* [EXERCISE]: The lines to reproduce run from the one containing "Some of the words" through the end of the records below. Reproduce them exactly and add nothing.

==*==

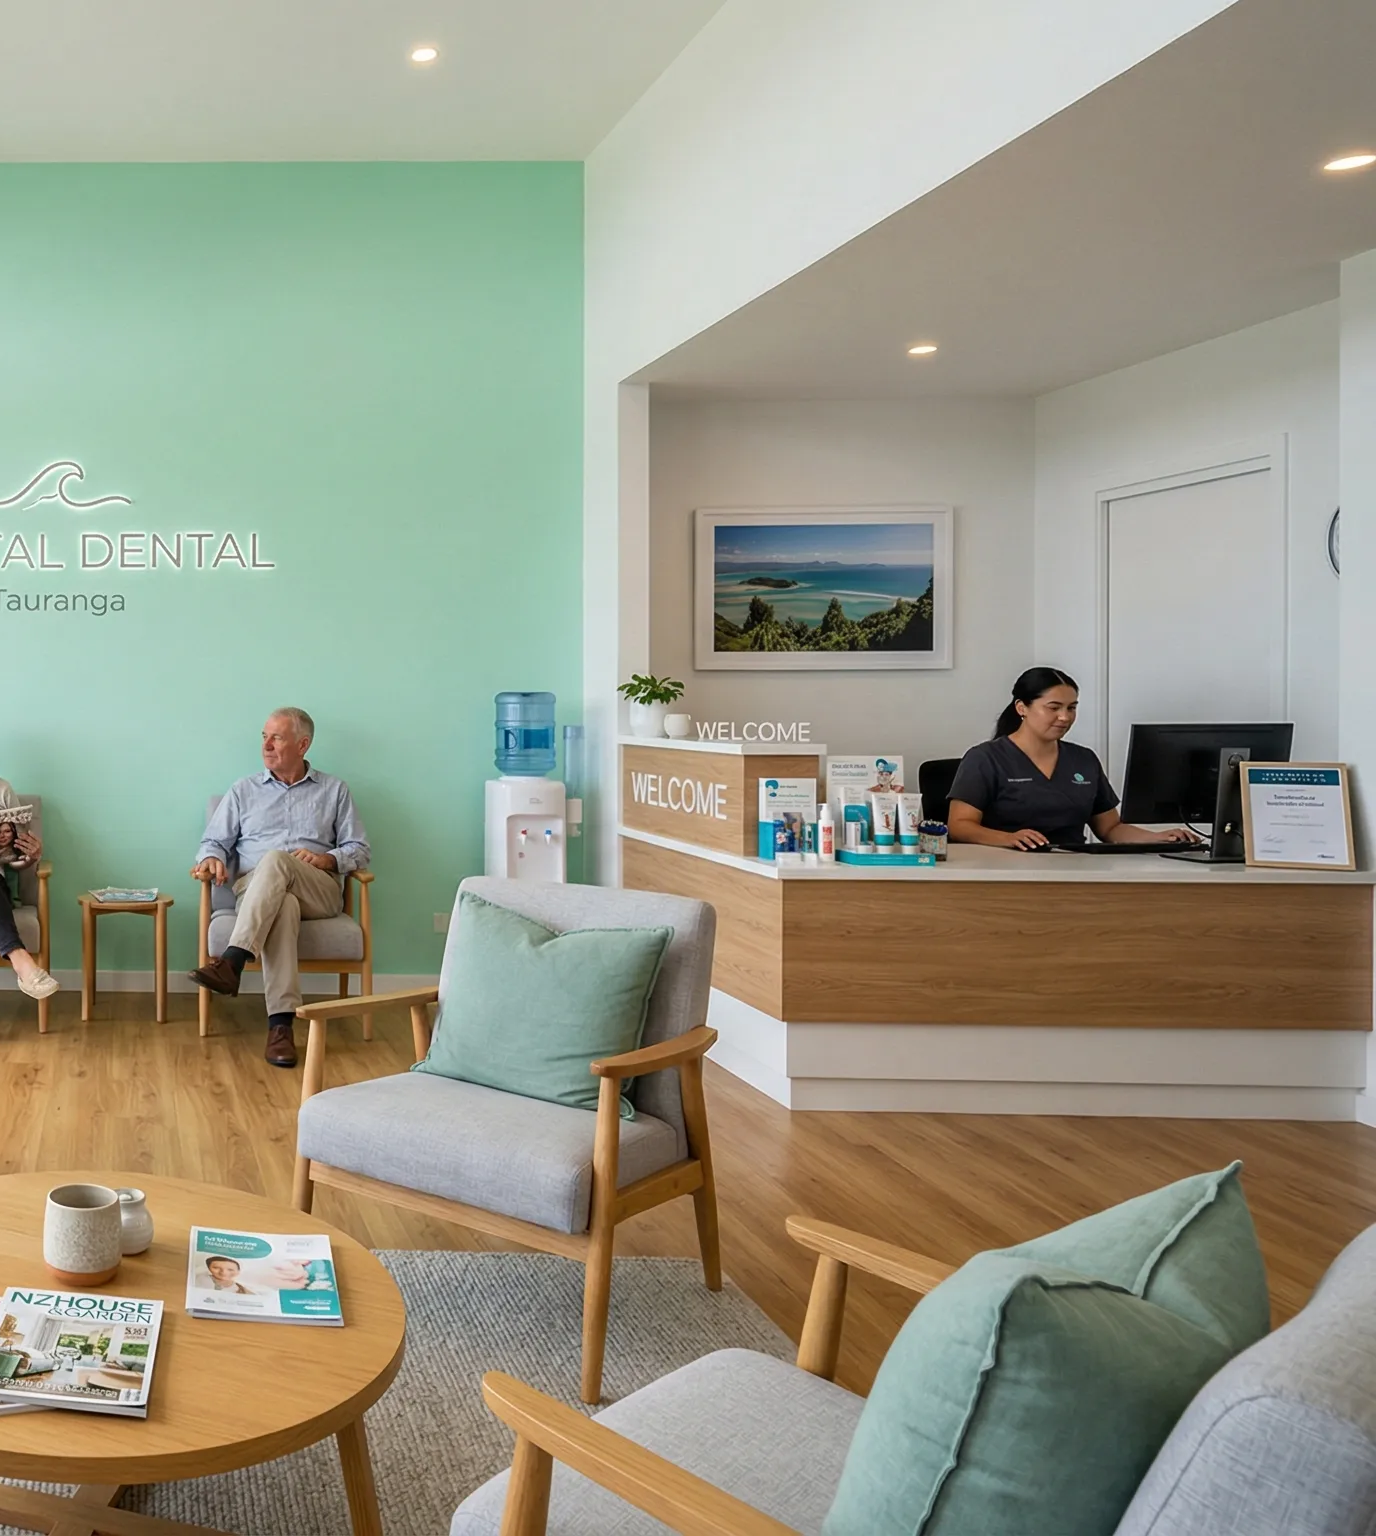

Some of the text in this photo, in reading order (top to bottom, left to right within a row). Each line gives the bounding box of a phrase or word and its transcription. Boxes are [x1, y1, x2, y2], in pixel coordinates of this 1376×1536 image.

[80, 532, 276, 569] DENTAL
[695, 721, 812, 743] WELCOME
[630, 771, 728, 821] WELCOME
[10, 1291, 154, 1315] NZHOUSE
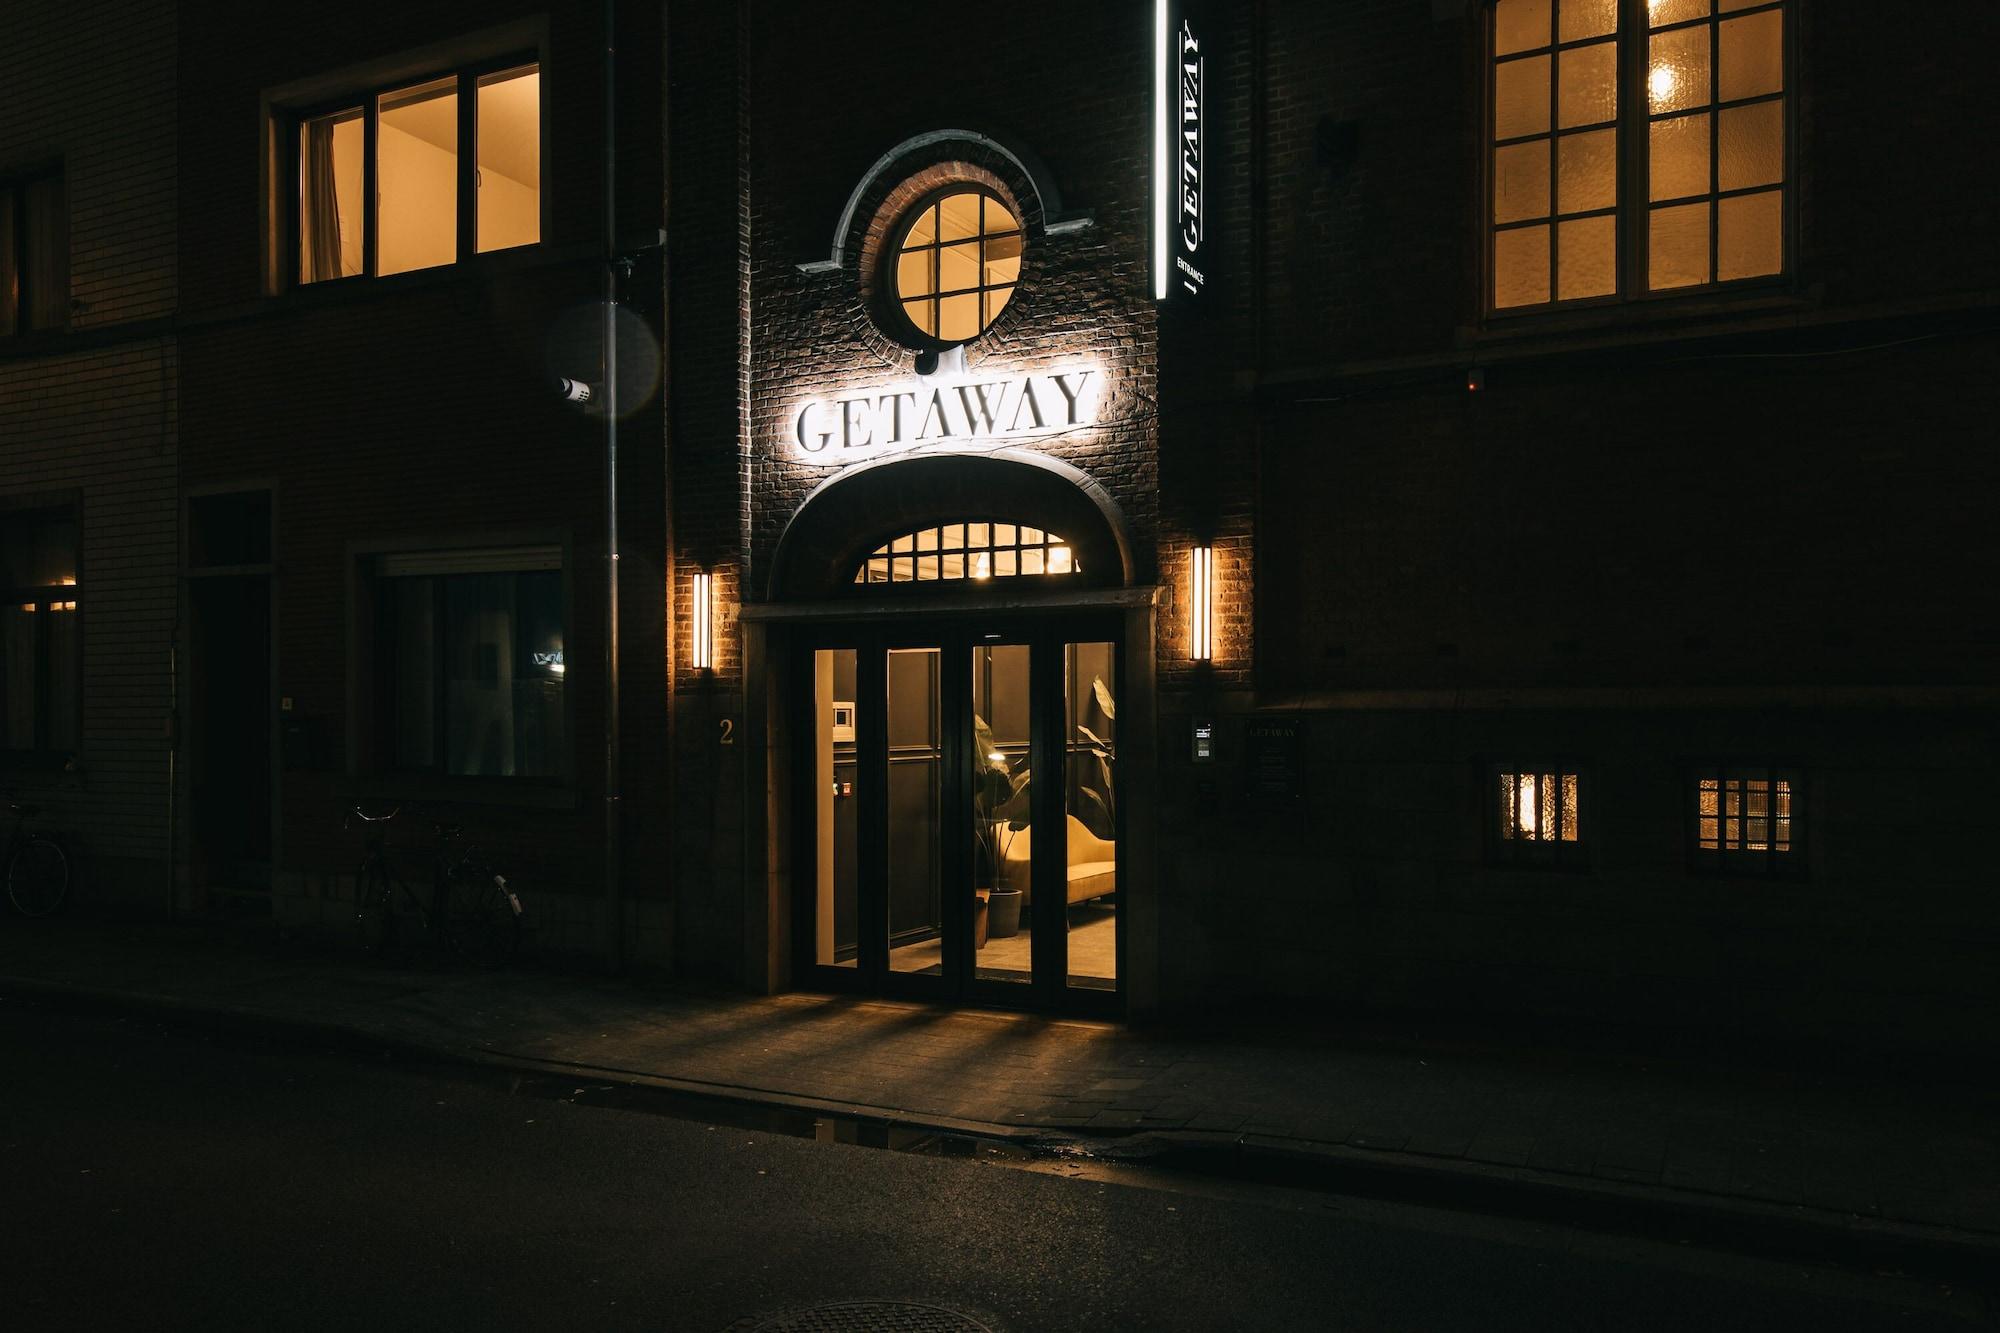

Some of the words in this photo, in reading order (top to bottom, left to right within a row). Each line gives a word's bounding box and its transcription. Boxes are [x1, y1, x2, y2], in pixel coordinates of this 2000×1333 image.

[1184, 19, 1199, 252] GETAWAY
[1177, 256, 1204, 285] ENTRANCE
[796, 370, 1096, 453] GETAWAY
[720, 719, 733, 744] 2
[1249, 728, 1297, 737] GETAWAY

==*==

* [RESULT]:
Some of the words in this photo, in reading order (top to bottom, left to right within a row). Each line gives a word's bounding box and its transcription. Boxes are [x1, y1, x2, y2], in pixel coordinates of this 2000×1333 image.

[1184, 19, 1199, 252] GETAWAY
[1177, 256, 1204, 285] ENTRANCE
[796, 370, 1096, 453] GETAWAY
[720, 719, 733, 744] 2
[1249, 728, 1297, 737] GETAWAY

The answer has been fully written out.